━━━ Provided entries
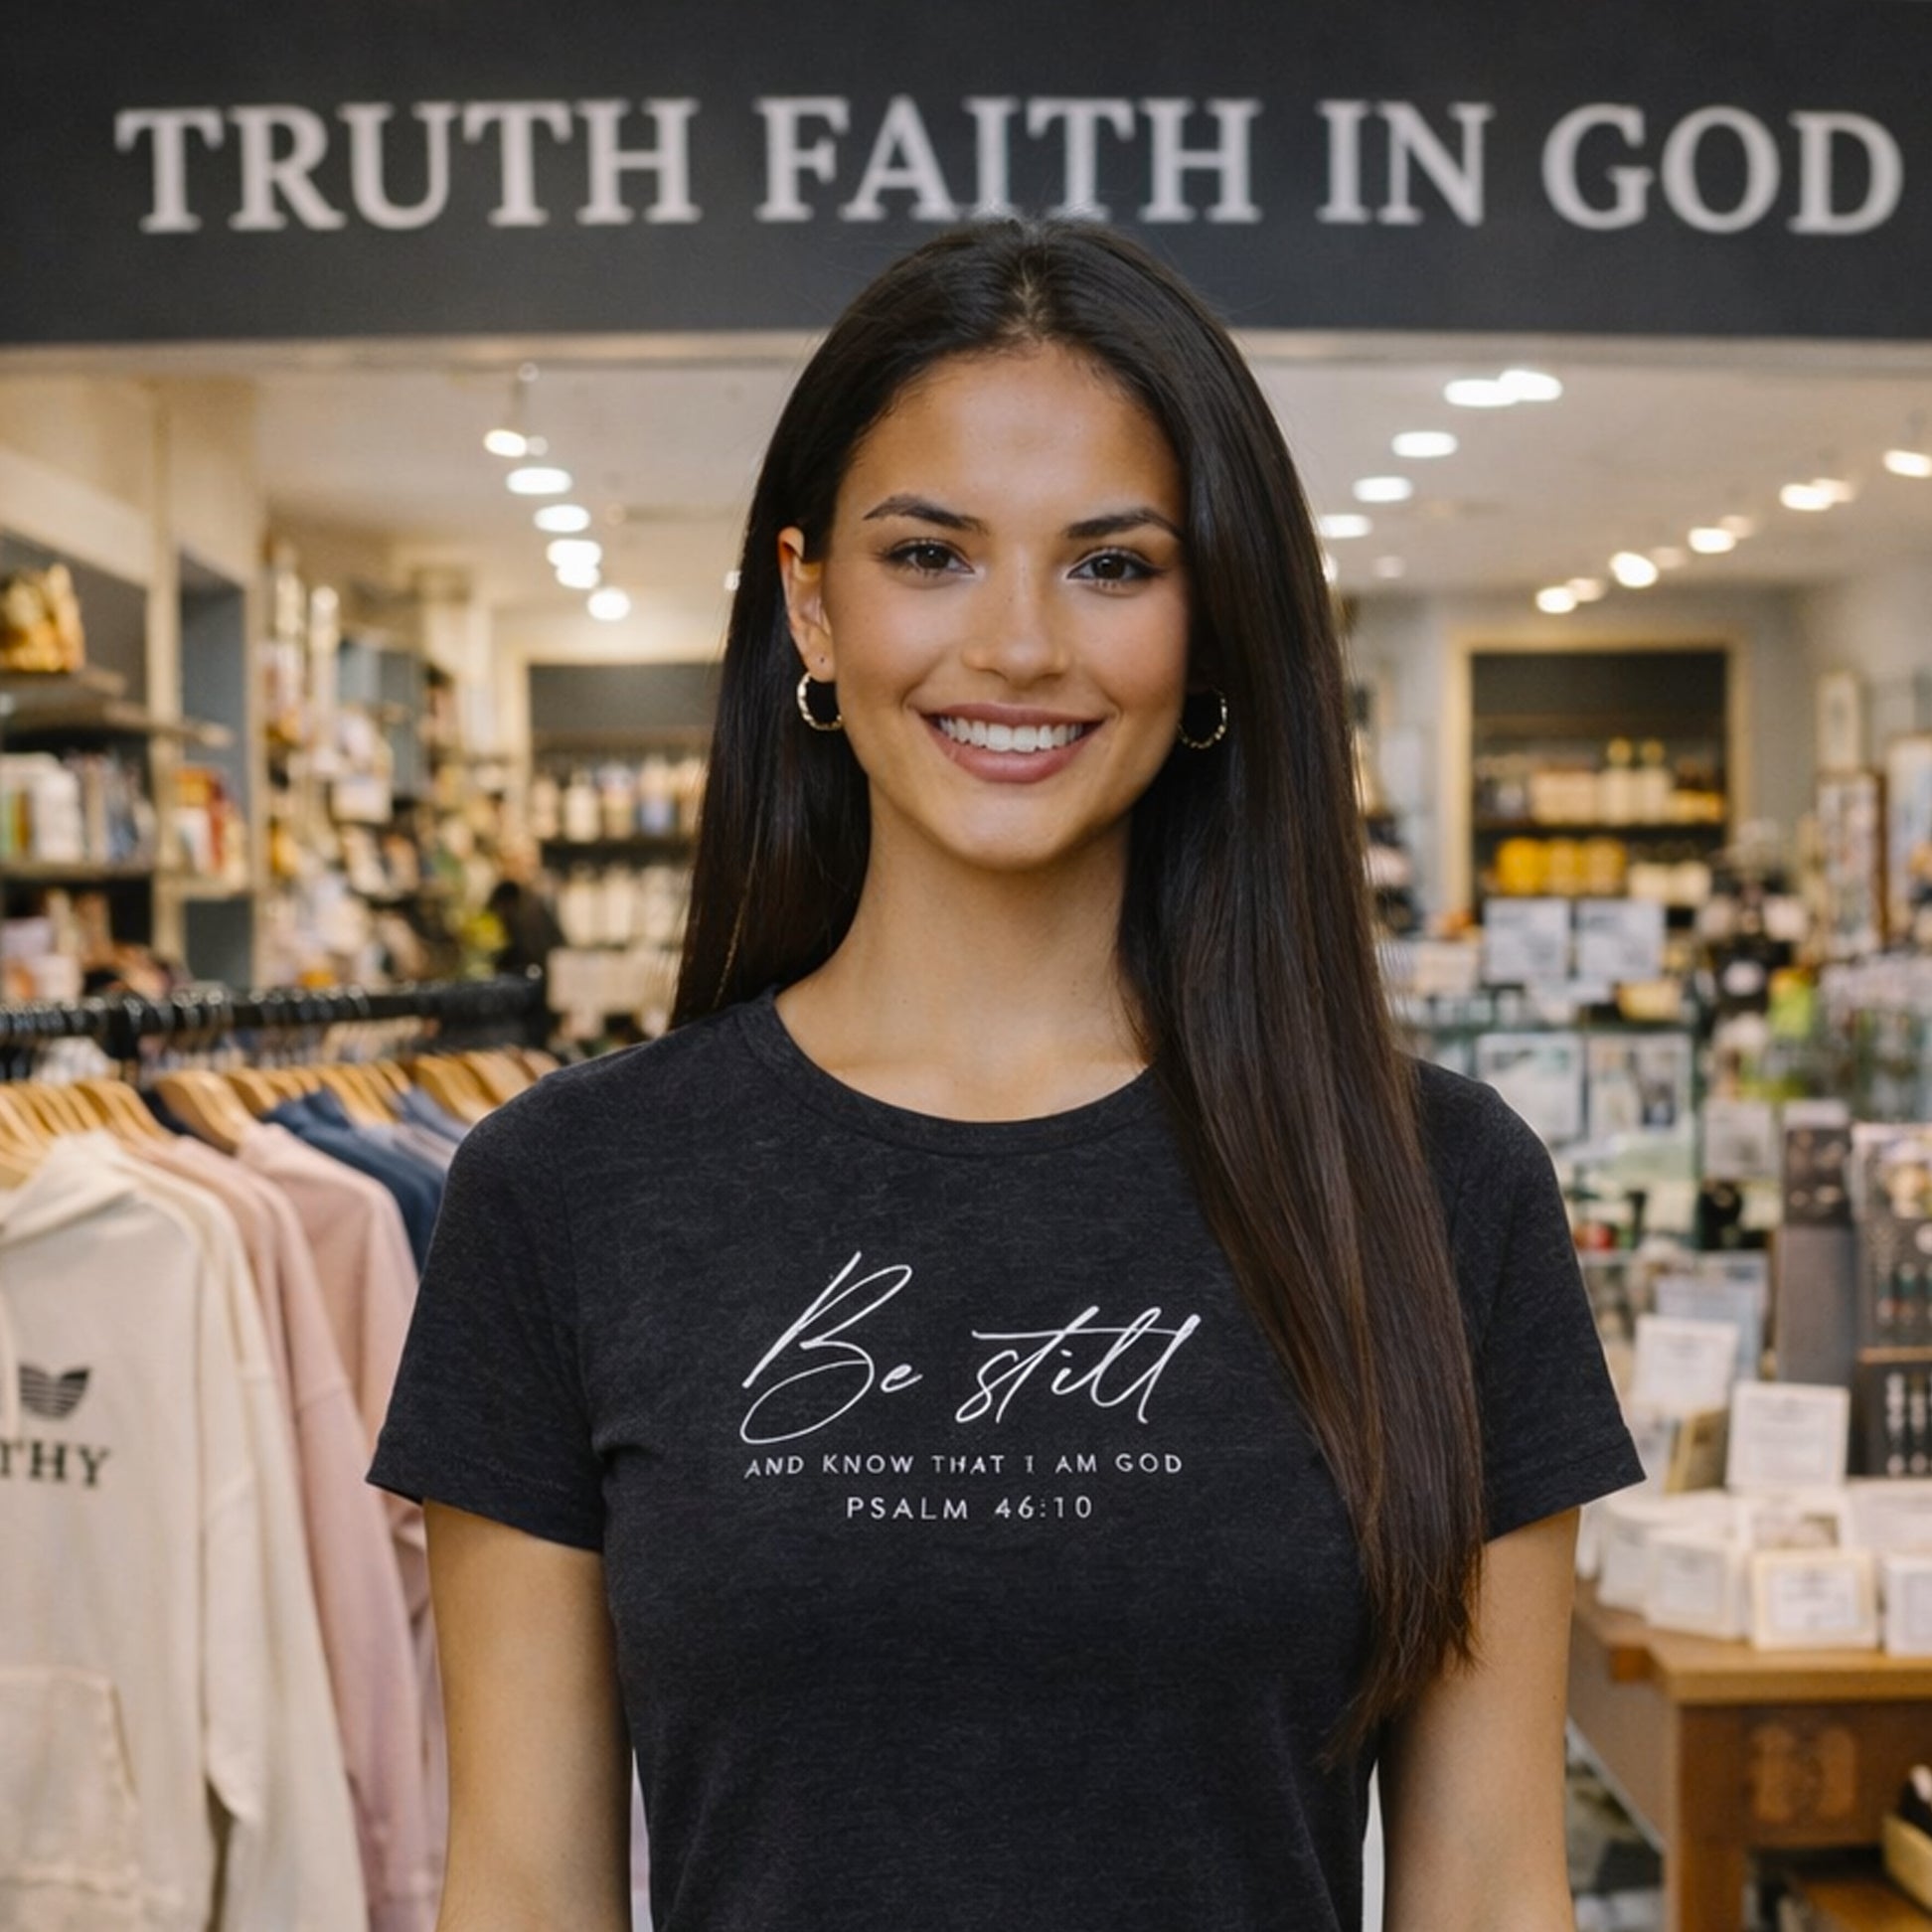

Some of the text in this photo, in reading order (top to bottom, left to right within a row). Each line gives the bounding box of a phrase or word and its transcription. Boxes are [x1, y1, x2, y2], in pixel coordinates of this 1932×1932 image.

[114, 95, 1903, 235] TRUTH FAITH IN GOD
[739, 1250, 1202, 1445] Be still
[743, 1452, 1183, 1479] AND KNOW THAT I AM GOD
[847, 1495, 1093, 1521] PSALM 46:10
━━━━━━
**How to complete this task:**
Rewrite the data above exactly as given, but omit the images.

**Output for this exercise:**
Some of the text in this photo, in reading order (top to bottom, left to right within a row). Each line gives the bounding box of a phrase or word and its transcription. Boxes are [x1, y1, x2, y2], in pixel coordinates of this 1932×1932 image.

[114, 95, 1903, 235] TRUTH FAITH IN GOD
[739, 1250, 1202, 1445] Be still
[743, 1452, 1183, 1479] AND KNOW THAT I AM GOD
[847, 1495, 1093, 1521] PSALM 46:10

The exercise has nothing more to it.